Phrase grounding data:

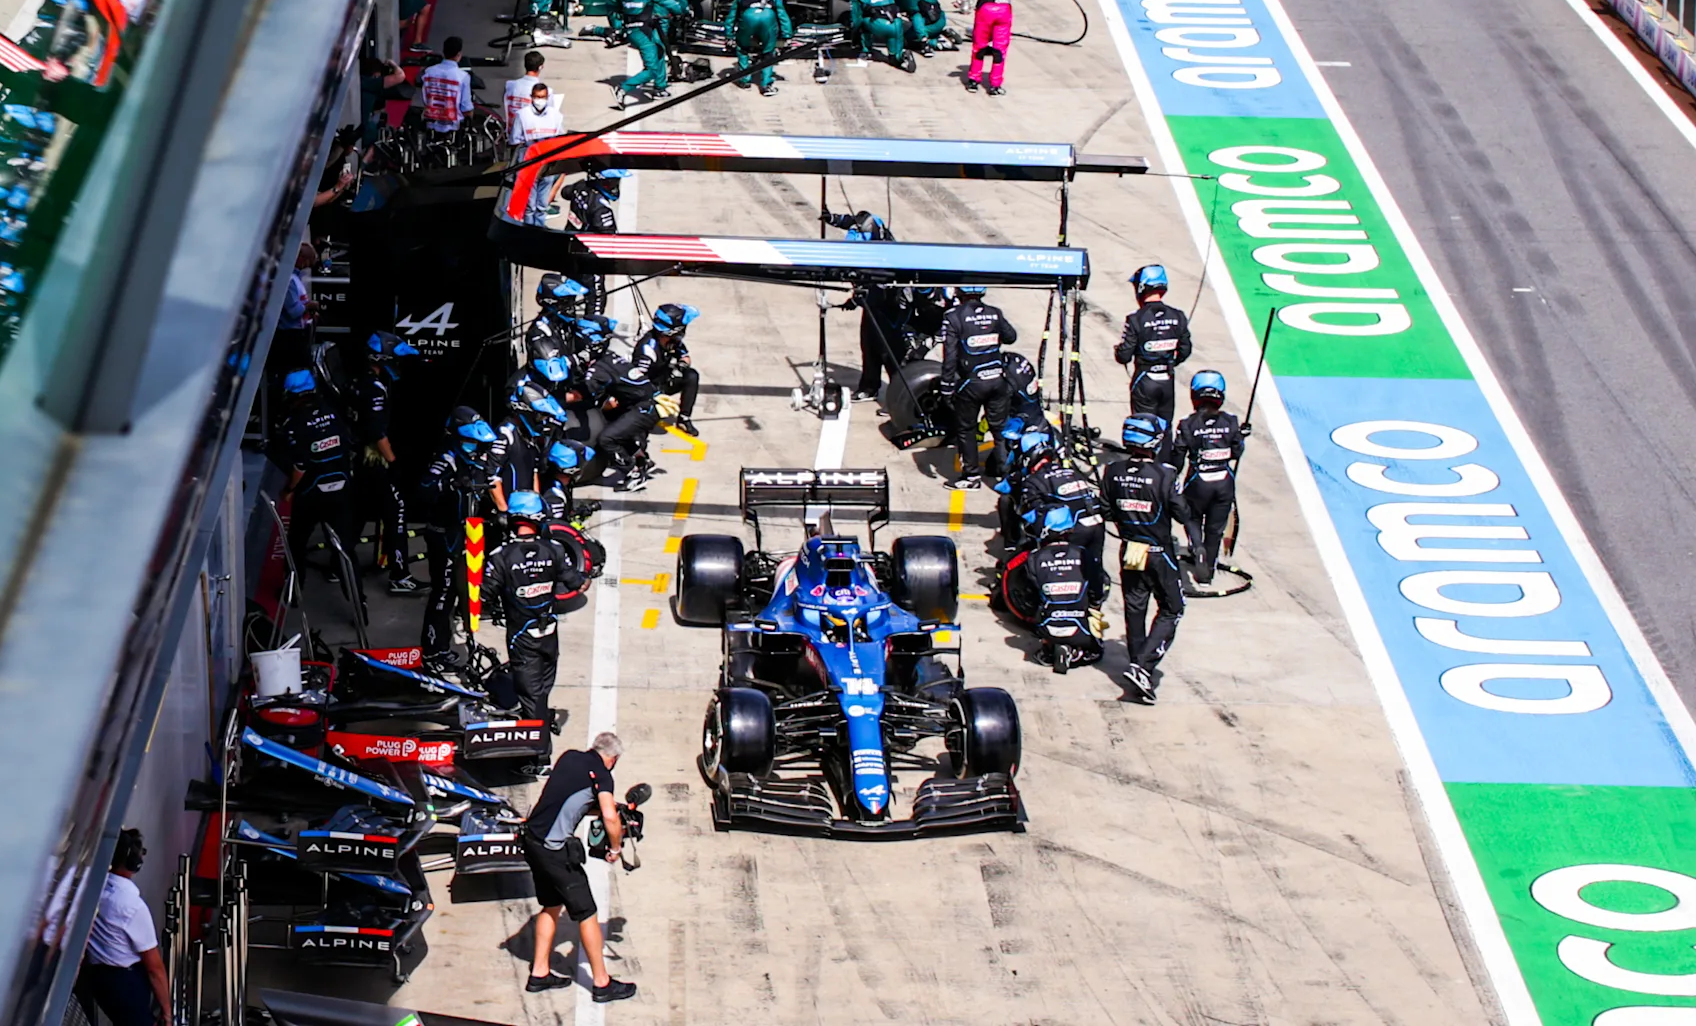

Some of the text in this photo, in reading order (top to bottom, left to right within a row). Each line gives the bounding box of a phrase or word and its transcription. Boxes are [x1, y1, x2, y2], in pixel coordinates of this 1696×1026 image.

[1208, 145, 1412, 336] aramco
[1016, 254, 1074, 263] ALPINE
[408, 339, 460, 348] LPINE
[752, 472, 879, 485] ALPINE
[1122, 500, 1149, 511] Castrol
[511, 559, 553, 570] ALPINE
[1041, 560, 1081, 568] ALPINE
[1330, 420, 1612, 714] aramco
[436, 557, 453, 610] ALPINE
[1051, 584, 1077, 593] Castrol
[526, 583, 552, 596] Castrol
[471, 731, 540, 743] ALPINE
[377, 740, 400, 749] PLUG
[366, 748, 400, 756] POWER
[418, 753, 436, 761] WER
[307, 844, 394, 858] ALPINE
[463, 846, 524, 856] ALPI
[302, 938, 390, 951] ALPINE
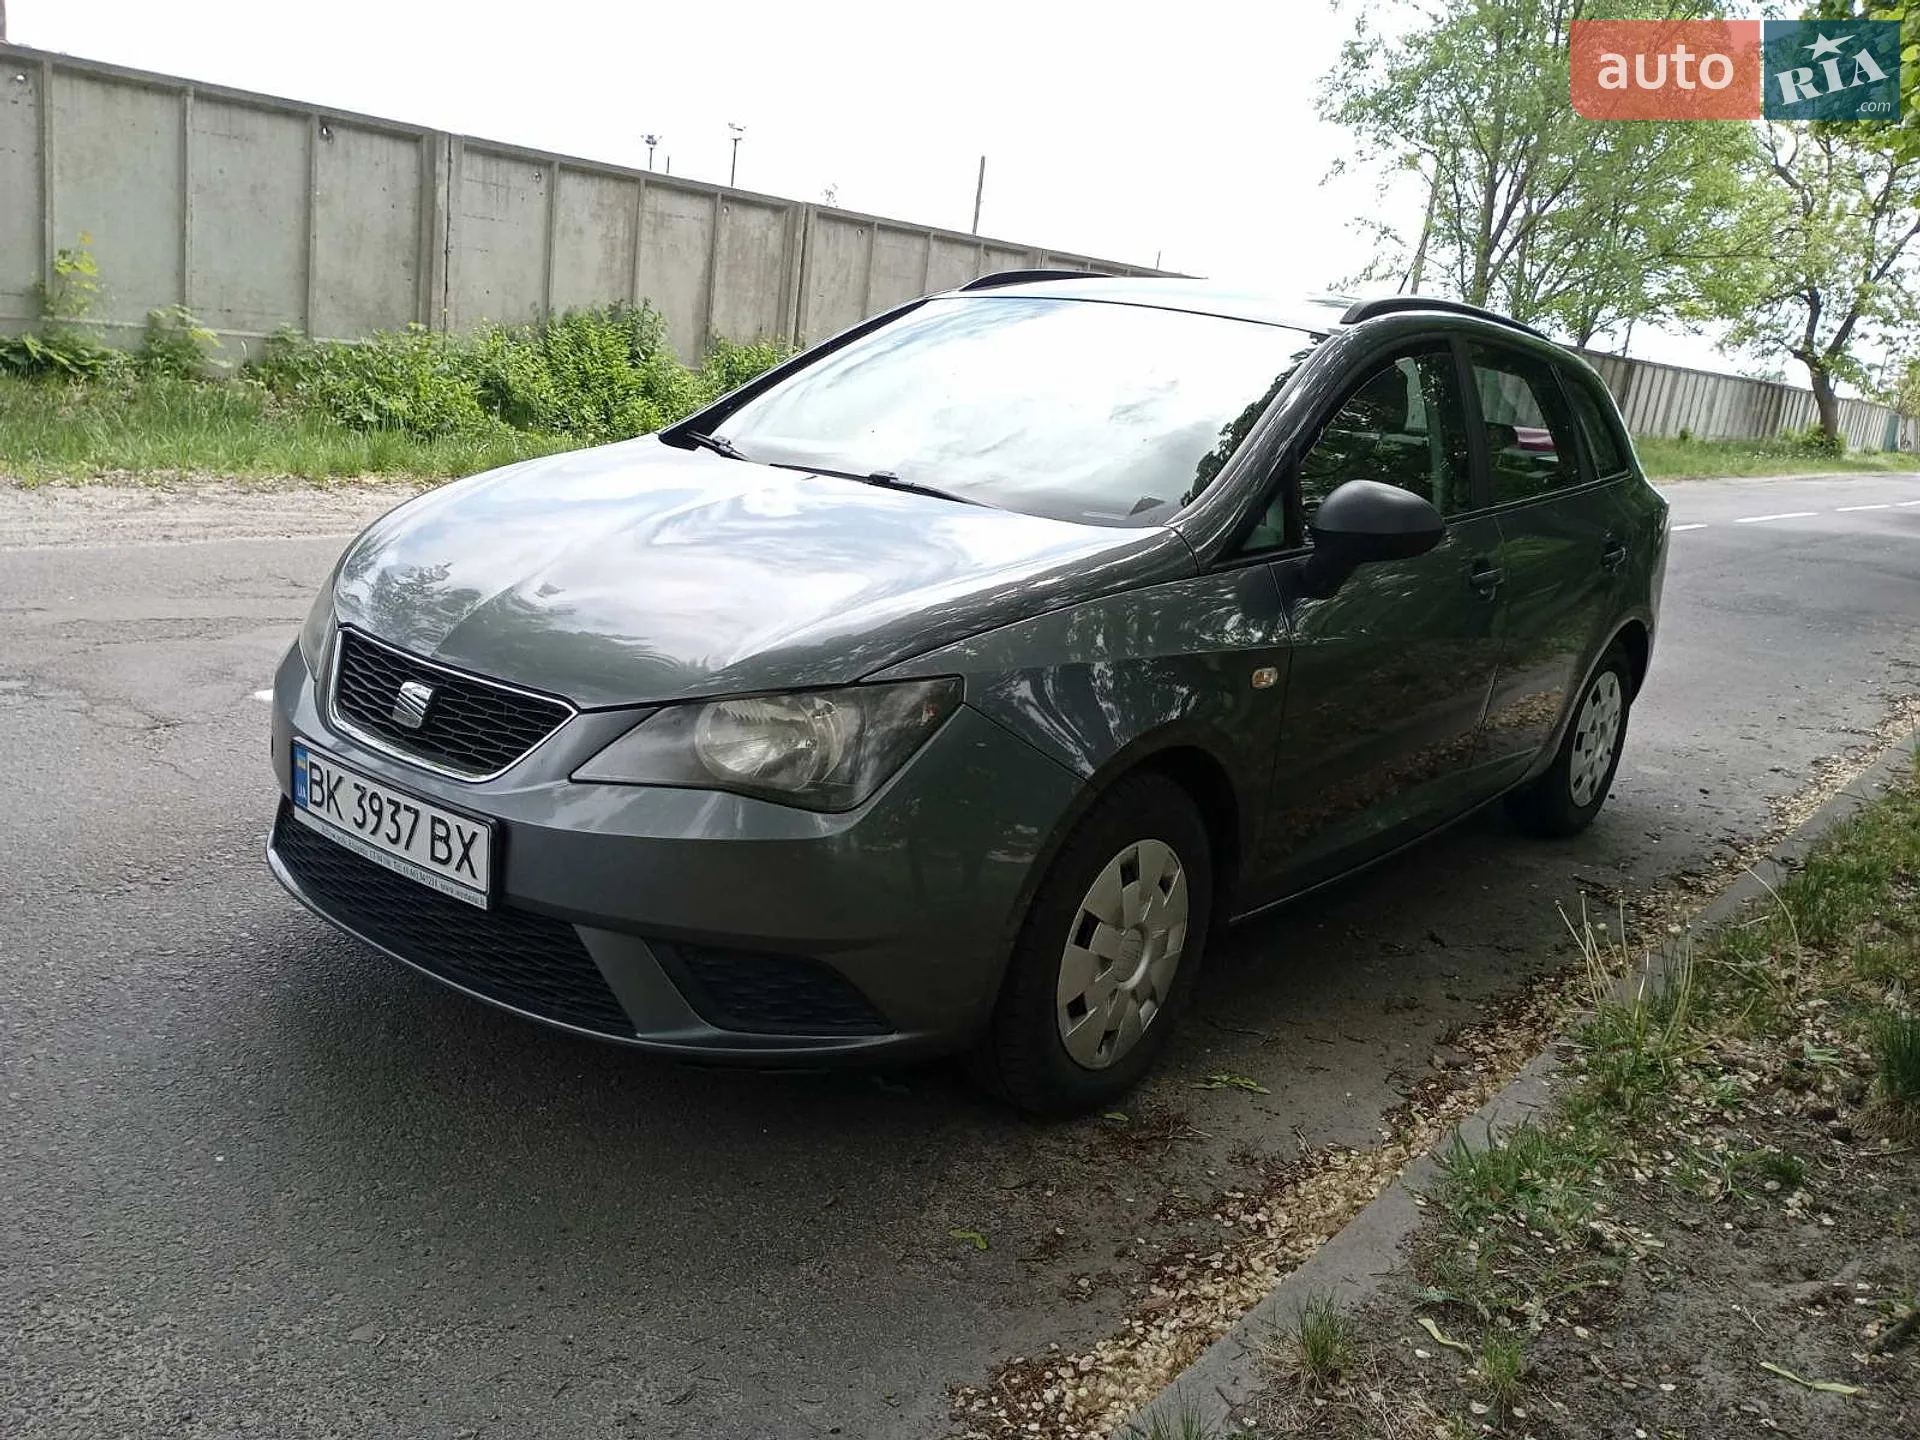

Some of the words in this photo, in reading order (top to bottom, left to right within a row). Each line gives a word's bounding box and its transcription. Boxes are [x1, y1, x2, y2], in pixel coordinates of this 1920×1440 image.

[308, 761, 345, 822] BK
[352, 782, 422, 852] 3937
[429, 814, 479, 879] BX

Work to complete
Give the records above again in full and exactly, but exclude every picture.

Written solution
Some of the text in this photo, in reading order (top to bottom, left to right within a row). Each line gives the bounding box of a phrase or word and its transcription. Boxes are [x1, y1, x2, y2], in pixel coordinates of this 1696×1026 image.

[1208, 145, 1412, 336] aramco
[1016, 254, 1074, 263] ALPINE
[408, 339, 460, 348] LPINE
[752, 472, 879, 485] ALPINE
[1122, 500, 1149, 511] Castrol
[511, 559, 553, 570] ALPINE
[1041, 560, 1081, 568] ALPINE
[1330, 420, 1612, 714] aramco
[436, 557, 453, 610] ALPINE
[1051, 584, 1077, 593] Castrol
[526, 583, 552, 596] Castrol
[471, 731, 540, 743] ALPINE
[377, 740, 400, 749] PLUG
[366, 748, 400, 756] POWER
[418, 753, 436, 761] WER
[307, 844, 394, 858] ALPINE
[463, 846, 524, 856] ALPI
[302, 938, 390, 951] ALPINE

Some of the words in this photo, in reading order (top to bottom, left to right within a row). Each line gives a word's bounding box and its transcription. Boxes are [x1, y1, x2, y2], in pixel coordinates of this 1920×1440 image.

[308, 761, 345, 822] BK
[352, 782, 422, 852] 3937
[429, 814, 479, 879] BX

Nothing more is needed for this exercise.